🤖 AI Summary
Existing methods struggle to efficiently and accurately evaluate the adversarial robustness of world model agents: manual tuning tends to overestimate robustness, while exhaustive search is infeasible due to the high computational cost of closed-loop rollouts. This work proposes WMAttack, a framework that formulates adversarial evaluation as a budget-constrained attack configuration search problem. It introduces Self-Correcting Attack Search (SCAS) to dynamically optimize the attack proposal distribution and integrates Representation-Guided Attack Retrieval (RGAR) to enable cross-task transfer of attack configurations. By leveraging a multidimensional feedback mechanism—encompassing reward degradation, action instability, runtime overhead, and rollout variability—alongside task representation similarity, WMAttack efficiently reuses historical attack strategies. Experiments on Atari and DeepMind Control benchmarks demonstrate significant improvements over baselines, increasing DreamerV3’s normalized reward drop from 0.497 to 1.034 on Atari and from 0.319 to 0.682 on DMC.
📝 Abstract
Despite the growing use of world models as decision-making agents, their adversarial robustness remains underexplored due to the lack of dedicated automated evaluation methods.

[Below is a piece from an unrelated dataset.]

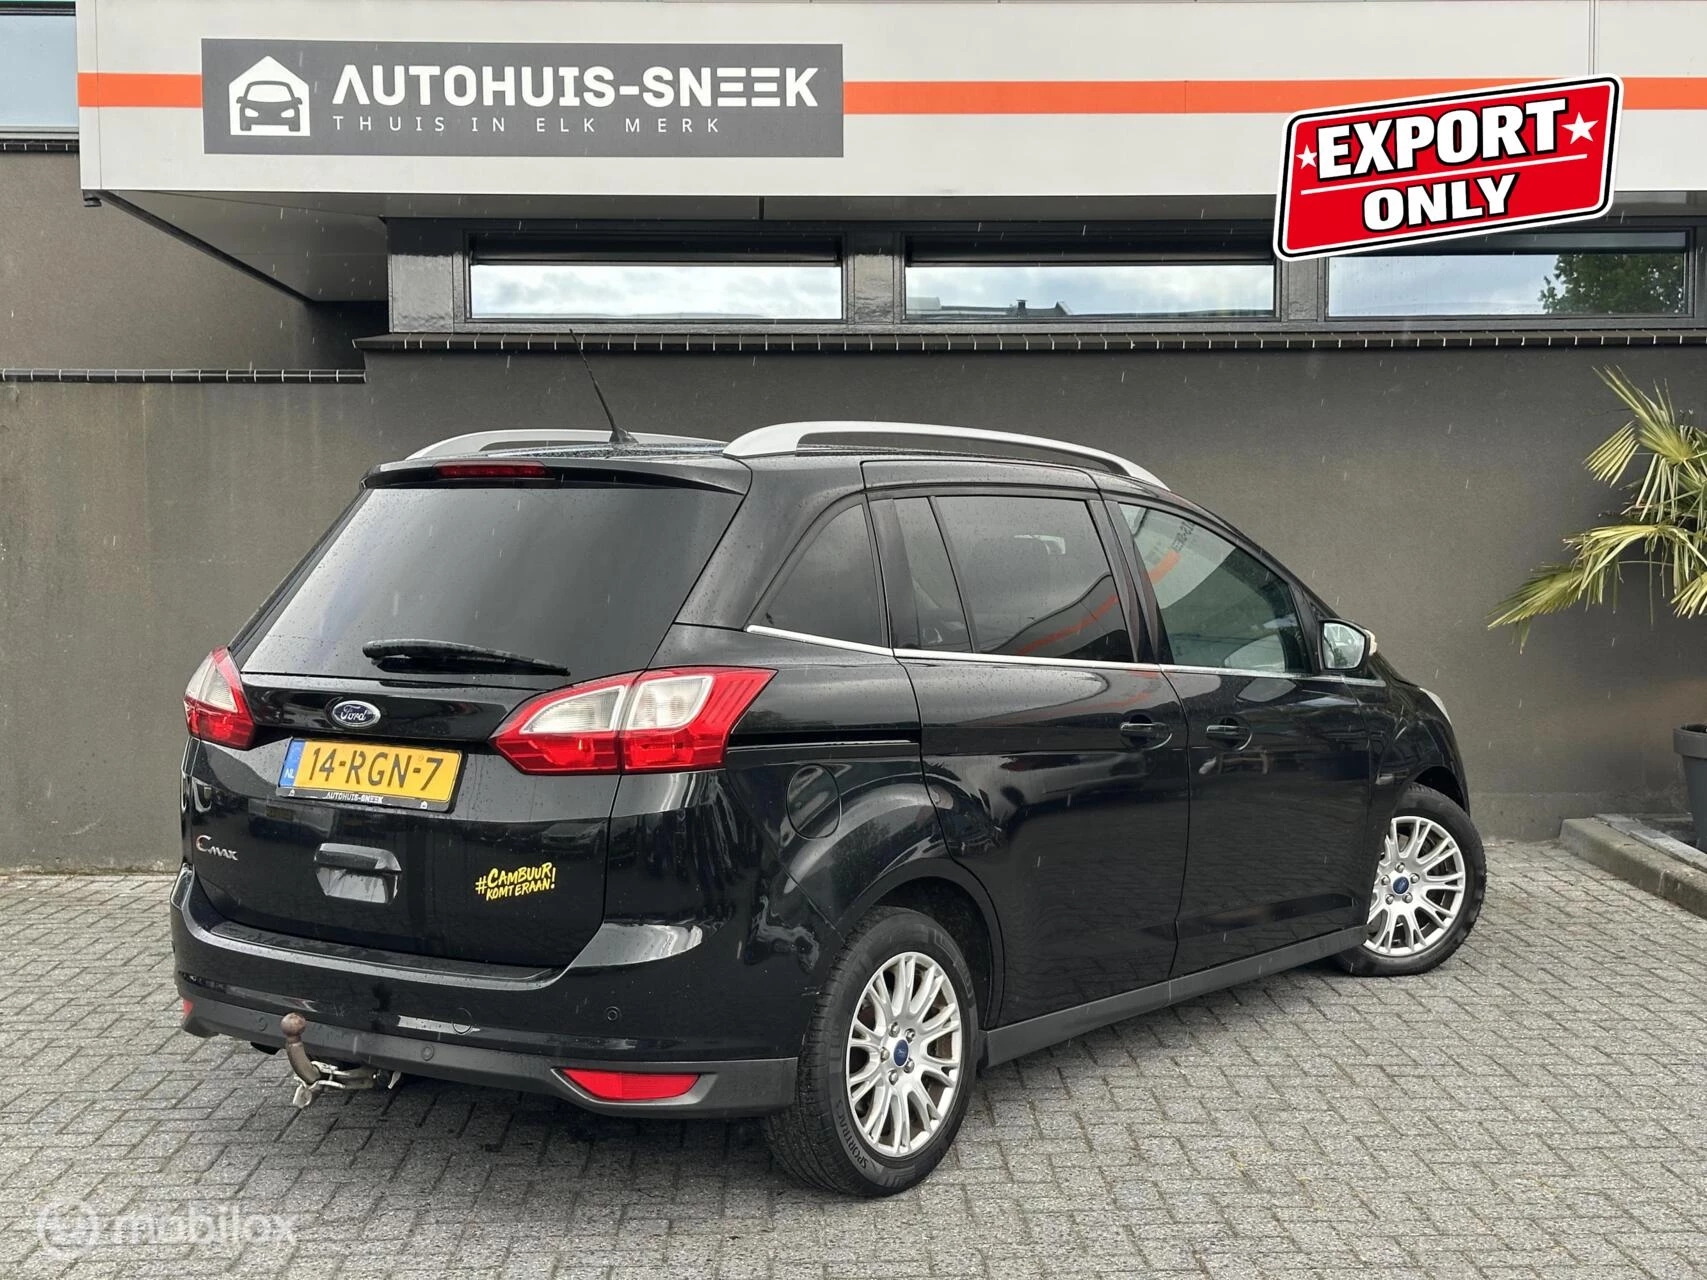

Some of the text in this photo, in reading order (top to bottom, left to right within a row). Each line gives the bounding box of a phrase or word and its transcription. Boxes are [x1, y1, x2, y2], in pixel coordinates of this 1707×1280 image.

[331, 64, 819, 108] AUTOHUIS-SNEEK
[332, 115, 719, 133] THUIS IN ELK MERK
[284, 767, 296, 779] NL
[308, 746, 444, 791] 14-RGN-7

A key obstacle is that attack evaluation must be both accurate and efficient: weak manually tuned attacks can overestimate robustness, while exhaustive hyperparameter search is prohibitively expensive because each candidate requires closed-loop rollouts through learned latent dynamics. We introduce WMAttack, an automated attack-search framework for adversarial evaluation of world-model agents. WMAttack formulates robustness evaluation as a finite-budget search over attack configurations, including attack families, perturbation budgets, optimization steps, restarts, and allocation rules. To improve search accuracy, Self-Correcting Attack Search (SCAS) refines the attack proposal distribution using feedback from reward degradation, action instability, runtime cost, and rollout variability. To improve search efficiency, Representation-Guided Attack Retrieval (RGAR) retrieves effective historical configurations from representation-similar tasks, providing a warm start for unseen environments. We provide a theoretical explanation showing that proposal refinement improves finite-budget search when it shifts probability mass toward high-utility attacks. Across Atari and DeepMind Control tasks, WMAttack consistently discovers stronger attacks than the evaluated baselines, improving normalized reward drop from 0.497 to 1.034 on DreamerV3 Atari and from 0.319 to 0.682 on DMC. Ablations further show that RGAR improves initial candidate quality and SCAS improves final attack utility under fixed evaluation budgets.